*Stored data entries*:
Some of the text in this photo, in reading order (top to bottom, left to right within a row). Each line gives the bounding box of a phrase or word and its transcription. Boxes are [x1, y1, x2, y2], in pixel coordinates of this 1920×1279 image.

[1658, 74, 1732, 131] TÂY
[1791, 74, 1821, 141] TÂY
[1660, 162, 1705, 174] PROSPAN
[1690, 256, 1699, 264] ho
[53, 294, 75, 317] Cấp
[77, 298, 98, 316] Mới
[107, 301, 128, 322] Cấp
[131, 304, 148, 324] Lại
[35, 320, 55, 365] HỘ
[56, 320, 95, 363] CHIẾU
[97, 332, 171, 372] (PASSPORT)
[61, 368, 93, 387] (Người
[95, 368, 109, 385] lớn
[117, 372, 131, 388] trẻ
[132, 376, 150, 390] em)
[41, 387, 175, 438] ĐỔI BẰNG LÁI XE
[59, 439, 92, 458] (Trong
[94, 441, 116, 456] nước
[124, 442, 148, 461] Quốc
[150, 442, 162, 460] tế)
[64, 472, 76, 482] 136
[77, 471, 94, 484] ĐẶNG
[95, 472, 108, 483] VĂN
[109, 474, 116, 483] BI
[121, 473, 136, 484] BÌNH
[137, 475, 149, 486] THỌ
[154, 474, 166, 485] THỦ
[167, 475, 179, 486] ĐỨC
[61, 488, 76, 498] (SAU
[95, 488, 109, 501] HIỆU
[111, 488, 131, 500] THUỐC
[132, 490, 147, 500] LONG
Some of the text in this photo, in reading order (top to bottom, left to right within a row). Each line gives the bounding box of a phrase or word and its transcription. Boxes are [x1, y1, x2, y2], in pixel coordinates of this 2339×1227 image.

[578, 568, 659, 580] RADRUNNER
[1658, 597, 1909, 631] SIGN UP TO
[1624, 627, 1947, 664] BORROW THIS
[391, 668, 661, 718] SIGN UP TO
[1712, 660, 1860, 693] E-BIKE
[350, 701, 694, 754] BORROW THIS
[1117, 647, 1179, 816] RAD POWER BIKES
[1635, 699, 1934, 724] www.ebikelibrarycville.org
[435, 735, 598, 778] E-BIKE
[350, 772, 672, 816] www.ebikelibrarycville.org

*WHAT IS BEING ASKED*: Your answer must be an exact transcription of all the data above.

*SOLUTION TO THIS PROBLEM*:
Some of the text in this photo, in reading order (top to bottom, left to right within a row). Each line gives the bounding box of a phrase or word and its transcription. Boxes are [x1, y1, x2, y2], in pixel coordinates of this 1920×1279 image.

[1658, 74, 1732, 131] TÂY
[1791, 74, 1821, 141] TÂY
[1660, 162, 1705, 174] PROSPAN
[1690, 256, 1699, 264] ho
[53, 294, 75, 317] Cấp
[77, 298, 98, 316] Mới
[107, 301, 128, 322] Cấp
[131, 304, 148, 324] Lại
[35, 320, 55, 365] HỘ
[56, 320, 95, 363] CHIẾU
[97, 332, 171, 372] (PASSPORT)
[61, 368, 93, 387] (Người
[95, 368, 109, 385] lớn
[117, 372, 131, 388] trẻ
[132, 376, 150, 390] em)
[41, 387, 175, 438] ĐỔI BẰNG LÁI XE
[59, 439, 92, 458] (Trong
[94, 441, 116, 456] nước
[124, 442, 148, 461] Quốc
[150, 442, 162, 460] tế)
[64, 472, 76, 482] 136
[77, 471, 94, 484] ĐẶNG
[95, 472, 108, 483] VĂN
[109, 474, 116, 483] BI
[121, 473, 136, 484] BÌNH
[137, 475, 149, 486] THỌ
[154, 474, 166, 485] THỦ
[167, 475, 179, 486] ĐỨC
[61, 488, 76, 498] (SAU
[95, 488, 109, 501] HIỆU
[111, 488, 131, 500] THUỐC
[132, 490, 147, 500] LONG
Some of the text in this photo, in reading order (top to bottom, left to right within a row). Each line gives the bounding box of a phrase or word and its transcription. Boxes are [x1, y1, x2, y2], in pixel coordinates of this 2339×1227 image.

[578, 568, 659, 580] RADRUNNER
[1658, 597, 1909, 631] SIGN UP TO
[1624, 627, 1947, 664] BORROW THIS
[391, 668, 661, 718] SIGN UP TO
[1712, 660, 1860, 693] E-BIKE
[350, 701, 694, 754] BORROW THIS
[1117, 647, 1179, 816] RAD POWER BIKES
[1635, 699, 1934, 724] www.ebikelibrarycville.org
[435, 735, 598, 778] E-BIKE
[350, 772, 672, 816] www.ebikelibrarycville.org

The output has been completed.